--- START ---
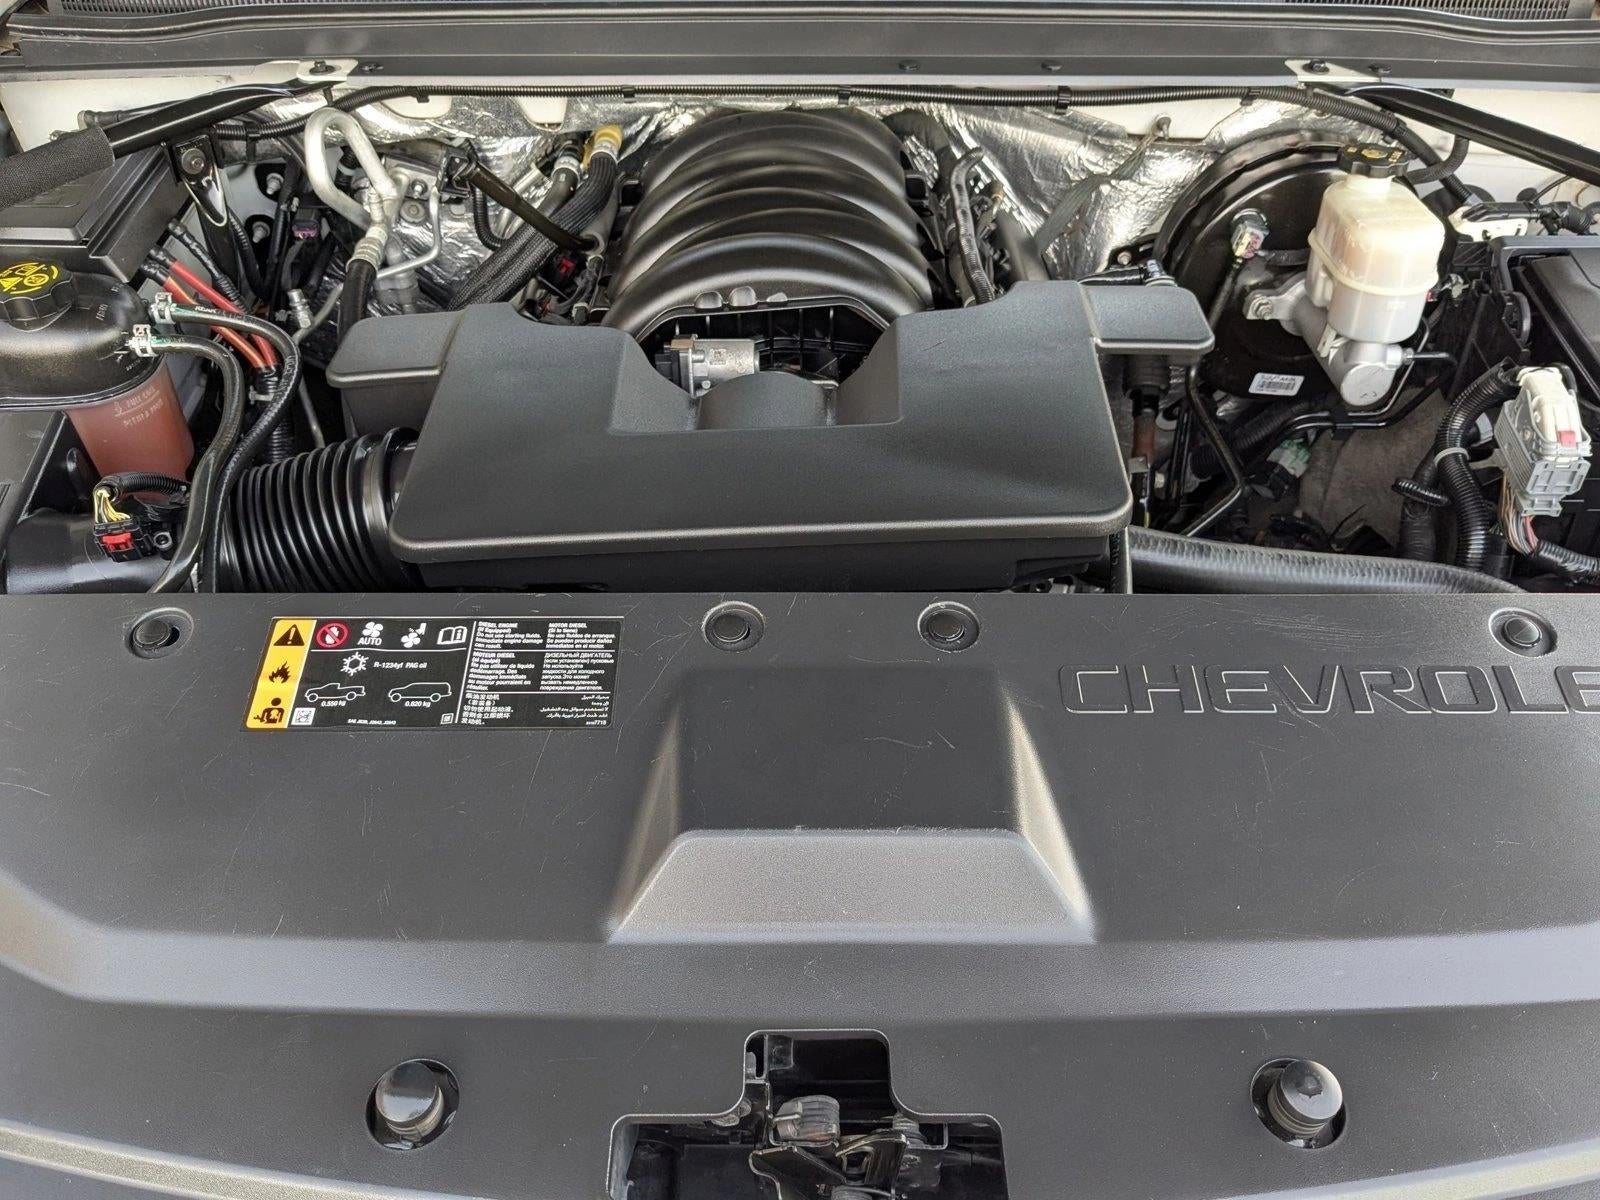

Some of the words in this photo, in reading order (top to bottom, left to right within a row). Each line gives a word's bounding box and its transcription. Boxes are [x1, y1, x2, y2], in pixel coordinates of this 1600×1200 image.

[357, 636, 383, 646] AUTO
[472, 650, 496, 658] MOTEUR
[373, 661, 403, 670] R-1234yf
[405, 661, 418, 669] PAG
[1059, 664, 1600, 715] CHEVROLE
--- END ---
**EXERCISE PROMPT:**
When restating the records word for word, omit any picture they contain.

**RESULT FOR THIS TASK:**
Some of the words in this photo, in reading order (top to bottom, left to right within a row). Each line gives a word's bounding box and its transcription. Boxes are [x1, y1, x2, y2], in pixel coordinates of this 1600×1200 image.

[357, 636, 383, 646] AUTO
[472, 650, 496, 658] MOTEUR
[373, 661, 403, 670] R-1234yf
[405, 661, 418, 669] PAG
[1059, 664, 1600, 715] CHEVROLE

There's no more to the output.